- [REQUIREMENT]:
Your task is to print each record exactly as it reads.

--------

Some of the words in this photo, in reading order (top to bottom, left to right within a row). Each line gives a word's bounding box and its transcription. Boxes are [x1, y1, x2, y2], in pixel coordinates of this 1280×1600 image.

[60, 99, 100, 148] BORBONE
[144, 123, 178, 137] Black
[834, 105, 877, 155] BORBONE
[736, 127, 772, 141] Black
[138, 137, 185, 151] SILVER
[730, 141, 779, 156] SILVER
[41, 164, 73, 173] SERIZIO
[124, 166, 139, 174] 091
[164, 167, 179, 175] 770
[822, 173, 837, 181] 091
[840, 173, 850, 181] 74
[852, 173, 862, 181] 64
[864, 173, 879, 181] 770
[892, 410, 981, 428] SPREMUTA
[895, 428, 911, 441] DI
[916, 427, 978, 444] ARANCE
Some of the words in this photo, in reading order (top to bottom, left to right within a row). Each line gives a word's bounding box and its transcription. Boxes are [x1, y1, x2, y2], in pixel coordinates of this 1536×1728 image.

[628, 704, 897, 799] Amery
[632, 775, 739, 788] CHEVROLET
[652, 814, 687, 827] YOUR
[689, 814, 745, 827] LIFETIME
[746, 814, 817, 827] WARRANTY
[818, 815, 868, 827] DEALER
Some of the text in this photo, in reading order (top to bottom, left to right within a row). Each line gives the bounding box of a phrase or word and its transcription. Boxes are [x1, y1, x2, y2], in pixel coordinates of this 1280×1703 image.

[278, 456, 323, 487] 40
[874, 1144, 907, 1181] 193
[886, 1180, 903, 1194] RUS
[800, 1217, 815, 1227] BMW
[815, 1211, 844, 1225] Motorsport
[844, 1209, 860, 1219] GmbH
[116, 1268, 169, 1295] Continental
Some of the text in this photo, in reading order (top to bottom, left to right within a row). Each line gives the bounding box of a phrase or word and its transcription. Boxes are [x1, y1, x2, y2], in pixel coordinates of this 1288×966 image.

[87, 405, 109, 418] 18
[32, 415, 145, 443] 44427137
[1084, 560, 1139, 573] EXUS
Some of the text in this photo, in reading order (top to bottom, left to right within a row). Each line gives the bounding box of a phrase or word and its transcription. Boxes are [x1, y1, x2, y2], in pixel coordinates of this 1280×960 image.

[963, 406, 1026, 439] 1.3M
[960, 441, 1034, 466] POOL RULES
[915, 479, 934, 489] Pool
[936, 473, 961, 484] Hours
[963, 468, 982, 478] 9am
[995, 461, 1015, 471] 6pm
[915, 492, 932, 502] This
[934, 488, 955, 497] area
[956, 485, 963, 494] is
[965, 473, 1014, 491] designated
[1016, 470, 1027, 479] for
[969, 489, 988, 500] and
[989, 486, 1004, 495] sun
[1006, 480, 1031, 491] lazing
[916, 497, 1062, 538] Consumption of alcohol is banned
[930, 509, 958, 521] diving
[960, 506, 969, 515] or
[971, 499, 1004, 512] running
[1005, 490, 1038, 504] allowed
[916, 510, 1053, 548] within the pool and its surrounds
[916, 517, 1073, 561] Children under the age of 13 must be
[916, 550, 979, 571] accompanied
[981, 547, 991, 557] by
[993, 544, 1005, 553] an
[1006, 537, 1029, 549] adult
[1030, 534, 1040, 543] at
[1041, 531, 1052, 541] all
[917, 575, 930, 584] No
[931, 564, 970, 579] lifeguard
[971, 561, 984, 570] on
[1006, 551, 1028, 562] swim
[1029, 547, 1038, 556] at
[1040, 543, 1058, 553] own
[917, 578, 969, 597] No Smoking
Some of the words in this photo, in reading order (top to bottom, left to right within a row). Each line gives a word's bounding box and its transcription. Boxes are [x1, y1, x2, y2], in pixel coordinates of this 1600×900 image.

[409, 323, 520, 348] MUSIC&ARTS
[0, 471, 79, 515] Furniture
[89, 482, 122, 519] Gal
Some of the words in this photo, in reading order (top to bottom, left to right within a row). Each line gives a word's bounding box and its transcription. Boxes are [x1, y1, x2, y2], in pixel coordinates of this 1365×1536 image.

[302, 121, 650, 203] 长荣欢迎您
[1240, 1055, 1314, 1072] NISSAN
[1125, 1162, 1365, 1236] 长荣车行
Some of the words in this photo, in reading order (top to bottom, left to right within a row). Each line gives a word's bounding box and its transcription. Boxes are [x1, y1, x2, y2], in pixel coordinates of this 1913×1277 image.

--------

- [TASK RESULT]:
Some of the words in this photo, in reading order (top to bottom, left to right within a row). Each line gives a word's bounding box and its transcription. Boxes are [x1, y1, x2, y2], in pixel coordinates of this 1280×1600 image.

[60, 99, 100, 148] BORBONE
[144, 123, 178, 137] Black
[834, 105, 877, 155] BORBONE
[736, 127, 772, 141] Black
[138, 137, 185, 151] SILVER
[730, 141, 779, 156] SILVER
[41, 164, 73, 173] SERIZIO
[124, 166, 139, 174] 091
[164, 167, 179, 175] 770
[822, 173, 837, 181] 091
[840, 173, 850, 181] 74
[852, 173, 862, 181] 64
[864, 173, 879, 181] 770
[892, 410, 981, 428] SPREMUTA
[895, 428, 911, 441] DI
[916, 427, 978, 444] ARANCE
Some of the words in this photo, in reading order (top to bottom, left to right within a row). Each line gives a word's bounding box and its transcription. Boxes are [x1, y1, x2, y2], in pixel coordinates of this 1536×1728 image.

[628, 704, 897, 799] Amery
[632, 775, 739, 788] CHEVROLET
[652, 814, 687, 827] YOUR
[689, 814, 745, 827] LIFETIME
[746, 814, 817, 827] WARRANTY
[818, 815, 868, 827] DEALER
Some of the text in this photo, in reading order (top to bottom, left to right within a row). Each line gives the bounding box of a phrase or word and its transcription. Boxes are [x1, y1, x2, y2], in pixel coordinates of this 1280×1703 image.

[278, 456, 323, 487] 40
[874, 1144, 907, 1181] 193
[886, 1180, 903, 1194] RUS
[800, 1217, 815, 1227] BMW
[815, 1211, 844, 1225] Motorsport
[844, 1209, 860, 1219] GmbH
[116, 1268, 169, 1295] Continental
Some of the text in this photo, in reading order (top to bottom, left to right within a row). Each line gives the bounding box of a phrase or word and its transcription. Boxes are [x1, y1, x2, y2], in pixel coordinates of this 1288×966 image.

[87, 405, 109, 418] 18
[32, 415, 145, 443] 44427137
[1084, 560, 1139, 573] EXUS
Some of the text in this photo, in reading order (top to bottom, left to right within a row). Each line gives the bounding box of a phrase or word and its transcription. Boxes are [x1, y1, x2, y2], in pixel coordinates of this 1280×960 image.

[963, 406, 1026, 439] 1.3M
[960, 441, 1034, 466] POOL RULES
[915, 479, 934, 489] Pool
[936, 473, 961, 484] Hours
[963, 468, 982, 478] 9am
[995, 461, 1015, 471] 6pm
[915, 492, 932, 502] This
[934, 488, 955, 497] area
[956, 485, 963, 494] is
[965, 473, 1014, 491] designated
[1016, 470, 1027, 479] for
[969, 489, 988, 500] and
[989, 486, 1004, 495] sun
[1006, 480, 1031, 491] lazing
[916, 497, 1062, 538] Consumption of alcohol is banned
[930, 509, 958, 521] diving
[960, 506, 969, 515] or
[971, 499, 1004, 512] running
[1005, 490, 1038, 504] allowed
[916, 510, 1053, 548] within the pool and its surrounds
[916, 517, 1073, 561] Children under the age of 13 must be
[916, 550, 979, 571] accompanied
[981, 547, 991, 557] by
[993, 544, 1005, 553] an
[1006, 537, 1029, 549] adult
[1030, 534, 1040, 543] at
[1041, 531, 1052, 541] all
[917, 575, 930, 584] No
[931, 564, 970, 579] lifeguard
[971, 561, 984, 570] on
[1006, 551, 1028, 562] swim
[1029, 547, 1038, 556] at
[1040, 543, 1058, 553] own
[917, 578, 969, 597] No Smoking
Some of the words in this photo, in reading order (top to bottom, left to right within a row). Each line gives a word's bounding box and its transcription. Boxes are [x1, y1, x2, y2], in pixel coordinates of this 1600×900 image.

[409, 323, 520, 348] MUSIC&ARTS
[0, 471, 79, 515] Furniture
[89, 482, 122, 519] Gal
Some of the words in this photo, in reading order (top to bottom, left to right within a row). Each line gives a word's bounding box and its transcription. Boxes are [x1, y1, x2, y2], in pixel coordinates of this 1365×1536 image.

[302, 121, 650, 203] 长荣欢迎您
[1240, 1055, 1314, 1072] NISSAN
[1125, 1162, 1365, 1236] 长荣车行
Some of the words in this photo, in reading order (top to bottom, left to right within a row). Each line gives a word's bounding box and its transcription. Boxes are [x1, y1, x2, y2], in pixel coordinates of this 1913×1277 image.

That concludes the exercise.